There had been a time when Charlie was a tiny pip-sized pod, pumping mightily to bulge the creases out of his little gasbag but still tied to the ragged end of his sailing ribbon and to the winds that bore it where they liked. Gusts blew. Air-to-air lightning spat all around him. Because he had no real control over his altitude he was sometimes tossed up through the tops of towering convection clouds, with the dull red sun hot on his tiny balloon and actual stars shining through the murky sky; other times he was so low that he brushed hills and fern trees, and shelled or furred creatures clutched after him as he spun by. Eighty out of a hundred of his brood-mates died then, in one of those ways or in some other. Ten more died almost as soon as their drift-ribbons fell away, when they were tasty hors d’oeuvres for the ha’aye’i, or sometimes for the protein-hungry adults of another chance-met flock. Or even of their own. Only a few out of each hundred survived to reproduce. And then there were still the ha’aye’i. And the storms. And the clutching beasts from below.

But still — to be a balloonist! To soar and to sing! Above all, to share the chorused flocklore that united them every one, from the tiniest pod to the leaky, old, slow giants that even the ha’aye’i scorned. Charlie’s song was triumphant, and all the flock around him stopped their greedy gobbling to join in the harmony.

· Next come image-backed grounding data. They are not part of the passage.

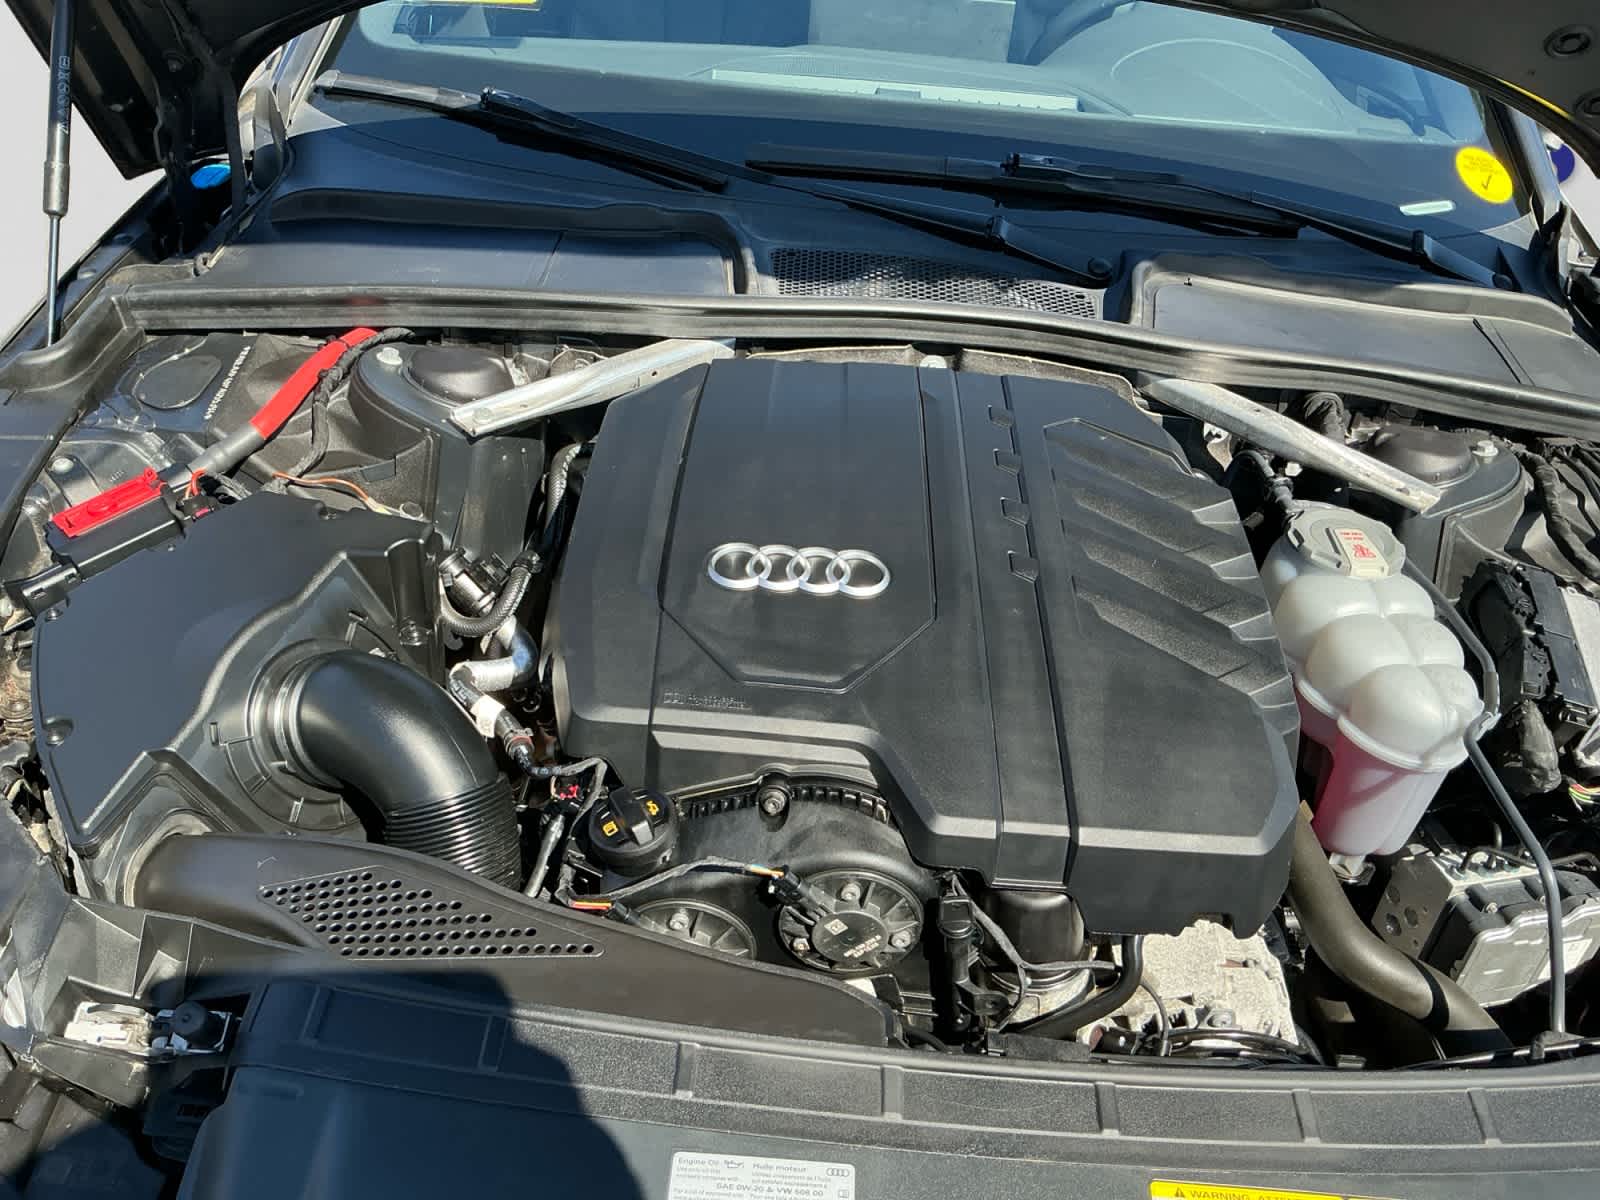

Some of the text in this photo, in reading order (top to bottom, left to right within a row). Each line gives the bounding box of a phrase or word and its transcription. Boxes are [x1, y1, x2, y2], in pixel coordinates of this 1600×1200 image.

[678, 1157, 706, 1167] Engine
[775, 1165, 807, 1173] moteur
[716, 1182, 734, 1190] SAE
[776, 1186, 792, 1195] VW
[1190, 1190, 1250, 1200] WARNING
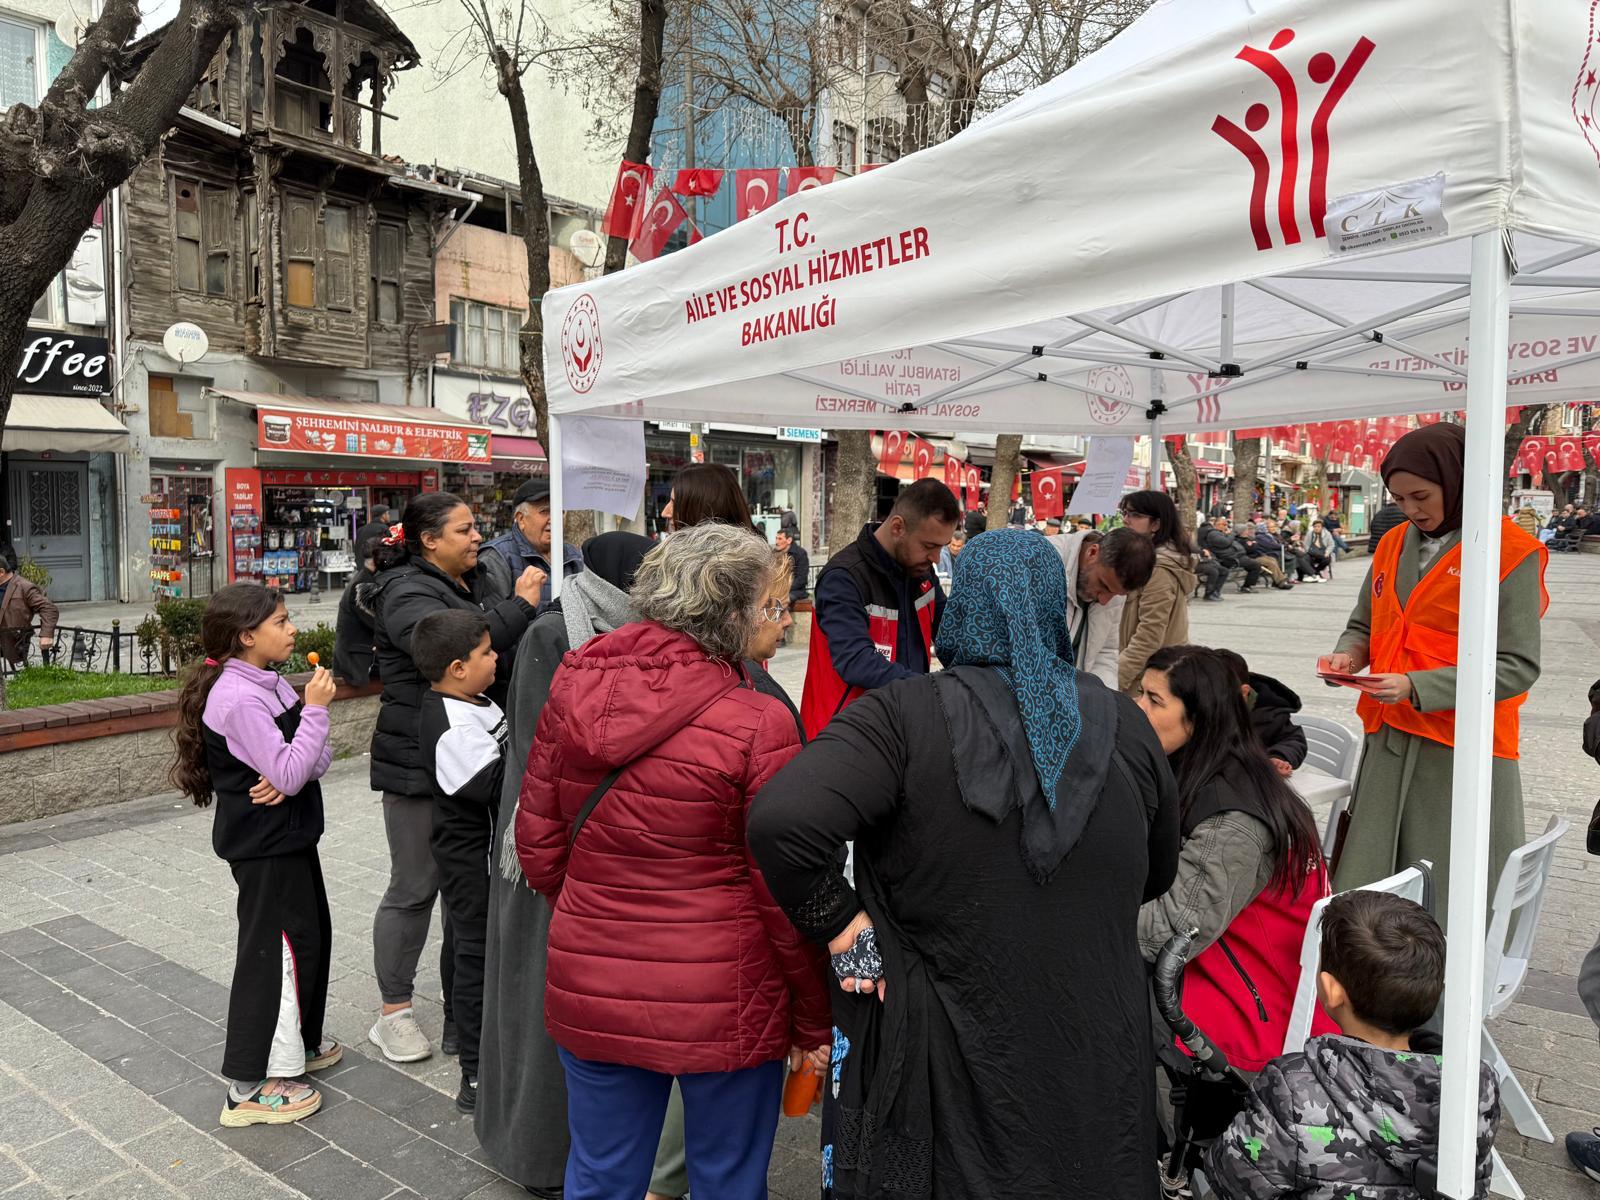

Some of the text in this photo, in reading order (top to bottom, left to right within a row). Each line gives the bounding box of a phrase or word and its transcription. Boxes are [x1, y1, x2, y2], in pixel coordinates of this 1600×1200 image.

[775, 212, 816, 254] T.C.
[685, 226, 930, 324] AİLE VE SOSYAL HİZMETLER
[742, 294, 836, 346] BAKANLIĞI
[73, 384, 103, 392] since 2022
[296, 416, 463, 440] ŞEHREMİNİ NALBUR & ELEKTRİK
[786, 427, 819, 440] SIEMENS
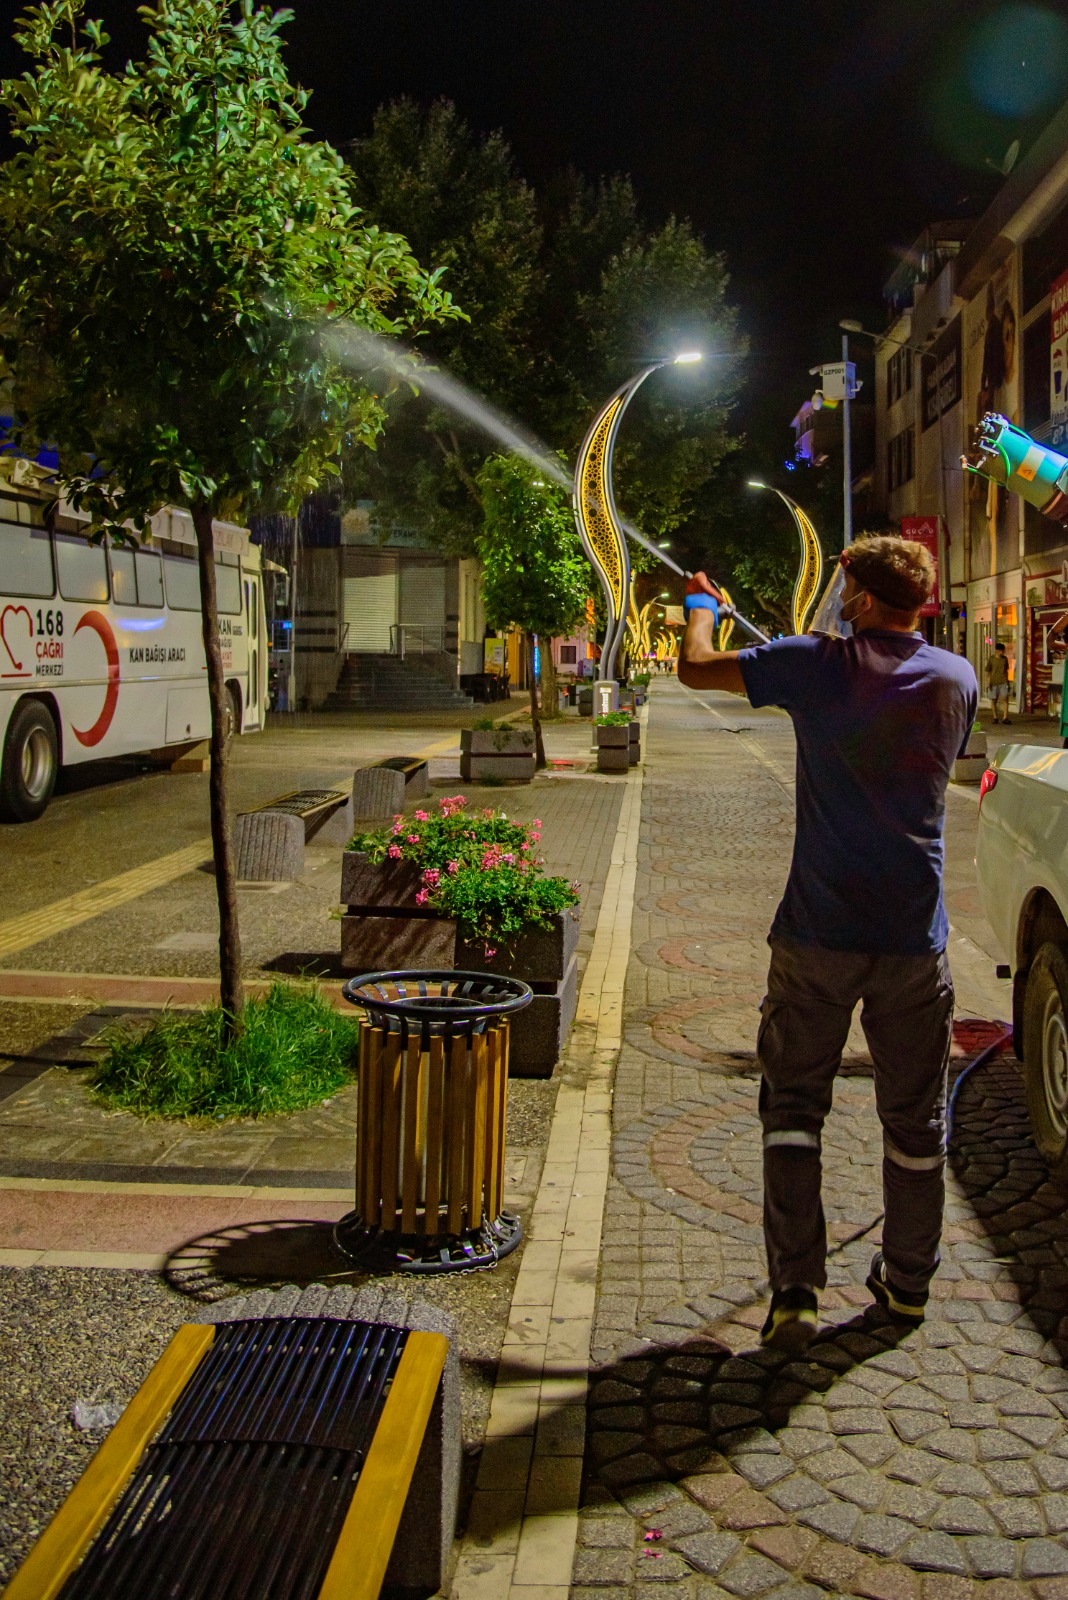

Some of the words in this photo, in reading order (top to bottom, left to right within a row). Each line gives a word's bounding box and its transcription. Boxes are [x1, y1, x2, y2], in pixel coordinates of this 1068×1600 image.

[36, 608, 64, 637] 168
[218, 619, 232, 635] KAN
[35, 637, 64, 663] ÇAĞRI
[129, 647, 144, 663] KAN
[145, 645, 167, 664] BAĞIŞI
[167, 647, 186, 662] ARACI
[35, 663, 64, 677] MERKEZİ

Still his eye patches rotated watchfully toward the mesa; but still there was no sign of the airplane or of the New Friend he had been told would rise from the spot. And they were drifting with the cloud, away from the camp of the Big Sun.

Many of the flock were sated now, softly singing their private courtesy songs of thanksgiving. They were a fine flock, although, Charlie admitted, very few in number.

He sang to them, “Stop feeding, stop feeding! We must go!”

“Go where, go where?” grumbled a chorus of the slower and hungrier ones, and an individual song sounded above the choir.

Faintly: “I must eat more. I die.” That was the old female, Blue-Rose Glow. Her bag had been meanly seared when half the flock was set aflame.

“Not now, not now,” sang Charlie commandingly. “Follow!” And he sang the new song, the duty song he had learned from his friend Danny Dalehouse. It was no longer enough to float and sing and replenish hydrogen and breed. Not anymore. Station must be kept and the mesa observed. And the camp of the Big Sun must be avoided, and the ha’aye’i guarded against, and the swarm kept together; so many imperatives, both the new and the old! And so he led them through their slow, bobbing dance, crisscross with the winds.

For a long time he led them, watching ceaselessly as he had promised. Even so, it was not he who first saw the thing. From far behind, old Blue-Rose Glow sang feebly, “There is a new Sky-Danger.”

“Catch up, catch up!” he commanded. “You sing poorly.” It was not sung in unkindness but only because it was true.

“I leak,” she apologized. “Nevertheless it is there, almost in reach of the Earth-Dangers, far away.”

He rotated his eye patches and rose to another air current. There it was. “I see the Sky-Danger,” he sang, and the rest of the flock confirmed. It was not a ha’aye’i. It was the hard mechanical thing from the camp of the Middle Sun, as he had been told. In it, he knew, was the Other Friend who had sometimes soared with Danny Dalehouse, and also the New Friend he had not yet seen.